Faire face ensemble : plaidoyer pour le développement d’une approche collective face aux risques cyber

PAYSAGE DE LA CYBERCRIMINALITÉ : UNE MENACE RAMIFIÉE, STRUCTURÉE ET COLLECTIVE

Galvanisées par leurs profits, par les sponsorships étatiques et les nombreuses opportunités développées par la digitalisation rapide mais insuffisamment sécurisée des organisations, les structures cybercriminelles sont peu à peu devenues des multinationales du crime par leur taille et leur fonctionnement.

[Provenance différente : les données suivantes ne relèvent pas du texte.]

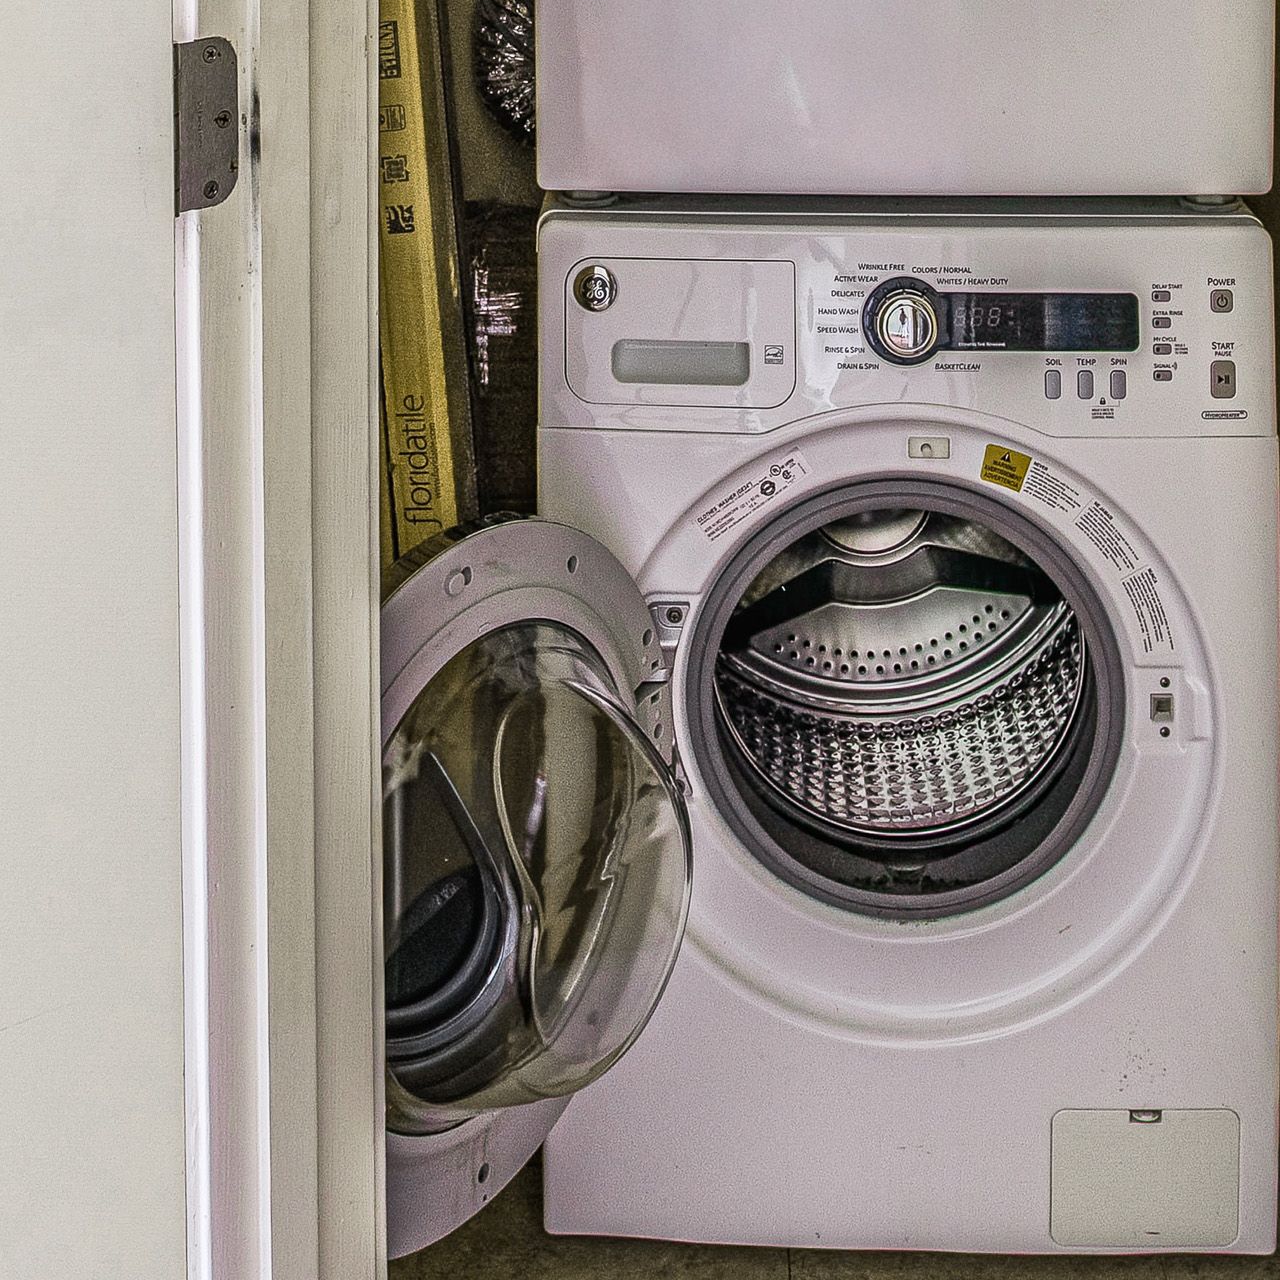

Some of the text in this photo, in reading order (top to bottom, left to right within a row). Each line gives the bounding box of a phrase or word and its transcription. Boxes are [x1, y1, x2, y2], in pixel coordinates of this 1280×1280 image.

[1207, 278, 1236, 286] POWER
[1212, 342, 1235, 350] START
[403, 394, 444, 528] floridatile
[1033, 460, 1048, 471] NEVER
[696, 506, 718, 522] CLOTHES
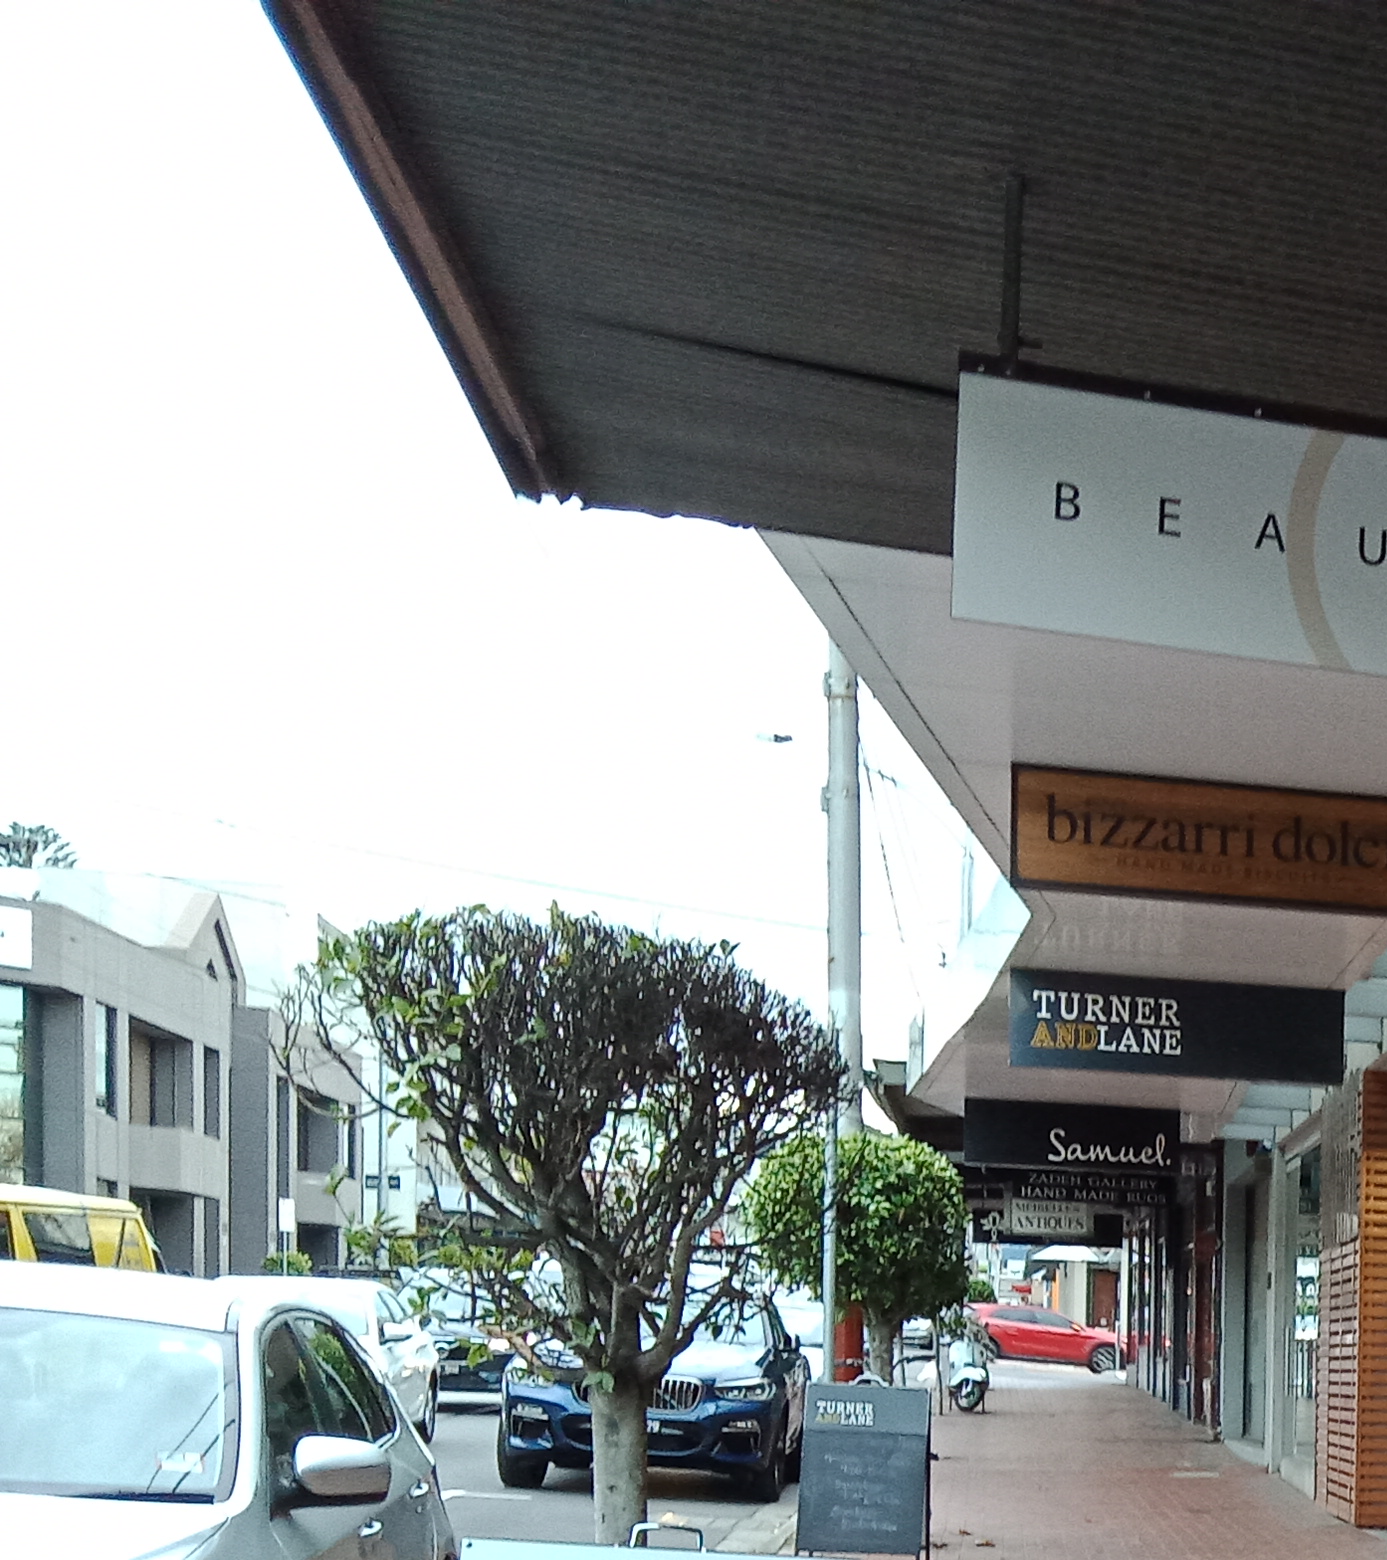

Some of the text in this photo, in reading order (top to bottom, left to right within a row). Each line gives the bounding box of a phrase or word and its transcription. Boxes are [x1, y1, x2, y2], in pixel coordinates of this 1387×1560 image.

[1046, 794, 1254, 857] bizzarri
[1033, 990, 1180, 1028] TURNER
[1087, 1176, 1157, 1190] GALLERY
[1021, 1185, 1066, 1199] HAND
[1074, 1188, 1120, 1201] MADE
[816, 1400, 873, 1417] TURNER

Regardons plus en détails le fonctionnement des organisations cybercriminelles internationales :

  • Le département des cyberattaquants est en charge d’identifier et exploiter les failles de sécurité, souvent humaines, des organisations. Ces failles vont servir de porte d’entrée pour lancer une attaque sur le SI ou subtiliser des informations.
  • Ce département travaille de pair avec un autre département, celui des fraudeurs, en charge d’exploiter ces failles dans un objectif souvent pécunier. Ces vecteurs d’intrusion et informations dérobées ont de multiples usages :
    • Usurpation de boîte mails pour commettre des fraudes au président ou au fournisseur ;
    • Effectuer des virements frauduleux via la prise en main des postes utilisateurs ou l’utilisation d’un malware bancaire ;
    • Utiliser les données récoltées pour crédibiliser son discours dans le cadre de fraudes par ingénierie sociale ;
    • Extorsion par la menace de rendre publique l’attaque et/ou de divulguer des informations dérobées.
  • Des moyens conséquents sont à la disposition de ces organisations cybercriminelles industrialisées : véritables calls centers dédiés aux fraudes par téléphone, outils de communication très performants, logiciels d’imitation de voix ou de spoofing téléphonique…
  • Les opérateurs de rançongiciels n’hésitent pas à avoir recours à l’écosystème cybercriminel, dont l’industrialisation leur permet de sous-traiter une grande partie des ressources et outils nécessaires à la réalisation de leurs opérations. En outre, il est parfois observé une collaboration entre opérateurs de différents rançongiciels[1].
  • Une fois la fraude commise, il s’agit de faire rapidement circuler l’argent de compte en compte, en profitant de législations internationales hétérogènes et du temps nécessaire pour les banques pour se coordonner et effectuer un rappel de fonds. Rentre alors en compte une myriade d’autres services : blanchiment d’argent, financement du terrorisme, prostitution, narcotrafic…
  • Pour que l’argent puisse circuler de compte en compte et que ceux-ci restent actifs peu de temps, les cybercriminels doivent s’assurer que des comptes soient ouverts régulièrement dans un grand nombre de pays : c’est la mission du service recrutement et fidélisation. Leur action est essentielle : recruter des “petites mains” pour ouvrir des comptes, parfois sous leur vraie identité et retirer l’argent dans les distributeurs automatiques de billet.
  • Pour ce recrutement, ils sont accompagnés d’un service marketing qui agit notamment sur les réseaux sociaux (Instagram, Snapchat…) et sur des forums pour recruter des mules. Ils parviennent ainsi à convaincre des particuliers, souvent démunis, par l’appât du gain et l’argent facile.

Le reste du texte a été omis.